Non ci si crede, perchè è impossibileMa Roma allora era proprio così
Nel cuore della mia generazione c'è una immagine splendida, in un film indimenticabile. A bordo di una spider Lancia Aurelia, la più bella decappottabile firmata Pininfarina, Vittorio Gassman e Jean-Louis Trintignant sbucano dal Corso - impensabile, ormai da secoli zona pedonale - e attraversano come frecce Piazza del Popolo, inaudito, non c'erano pilastri e catene e neanche una statua vivente vestita da Faraone - e insultano allegramente un povero domestico che porta a spasso i cani, esortandolo a rompere le catene e affrancarsi dalla sua odiosa servitù.Roma d'estate, negli anni '60, era proprio così. Bella come non mai, deserta, con il sole a picco. Tranne che per la spider di Gassman, un traffico inesistente, nel silenzio lo stridio della Circolare Esterna Destra lungo valle Giulia, il fruscio dei copertoni dei filobus sull'asfalto rovente. Di giorno era una città fantasma, i negozi quasi tutti chiusi, i posteggi vuoti, i mercati rionali spopolati, i banchi dei cocomerari oasi di gelo. Rare figure si muovevano nell'ombra dei palazzi, le fontanelle erano apprezzate soprattutto dagli stranieri, nelle loro città del nord non c'erano poerchè non c'era neanche il sole, si beveva dalla testa di lupo tappando il foro sotto la gola con un dito e attingendo allo zampillo. Villa Borghese, polverosa e disabitata, era una gran macchia d'ombra.[...]

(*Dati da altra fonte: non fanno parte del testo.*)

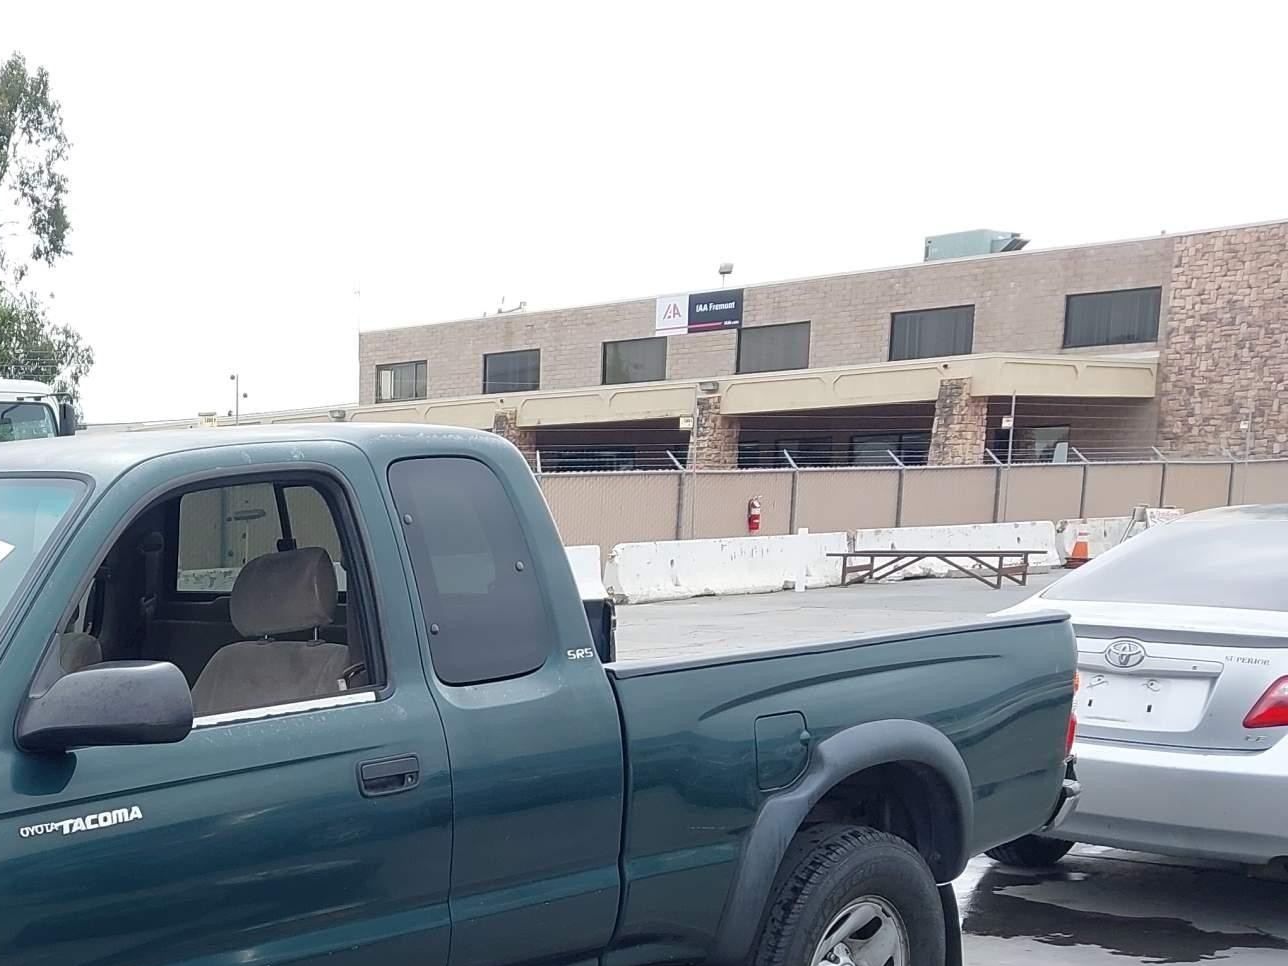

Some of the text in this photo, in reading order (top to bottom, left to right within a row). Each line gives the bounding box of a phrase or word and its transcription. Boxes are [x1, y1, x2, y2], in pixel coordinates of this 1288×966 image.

La sera era tutta un'altra cosa. Con l'allungarsi delle ombre, il trascolorare del cielo in quel strano miscuglio, sempre commovente, di indaco, celeste, blu con una punta di verde acido, uscivamo tutti dalle tane degli uffici e delle case. Roma allora era tutta dipinta di rosso, un rosso minio imposto dai piemontesi dopo la conquista (per i romani il termine è esatto) per uniformare quelle facciate tutte diverse, color pastello, lilla, pistacchio, rosa, avorio, che facevano fremere i Sabaudi con quel loro ricordare il Sud, il Meridione, la Bassa Italia, in una parola l'Africa. Alla fine del giorno, d'estate, i muri di Roma cambiavano colore; il rosso sangue, a tratti sbiadito, a tratti scolorito, che ricopriva tutto, dal Quirinale a Palazzo Chigi, da via Frattina a via del Babuino, risputava il caldo immagazzinato e diventava quasi viola.Allora, per la sera e la notte romana, c'era solo Trastevere, San Lorenzo era ancora un brutto quartiere senza alcuna attrattiva, a Testaccio c'erano solo tre ristoranti di fronte al mattatoio, il Pigneto era terra vergine. [...]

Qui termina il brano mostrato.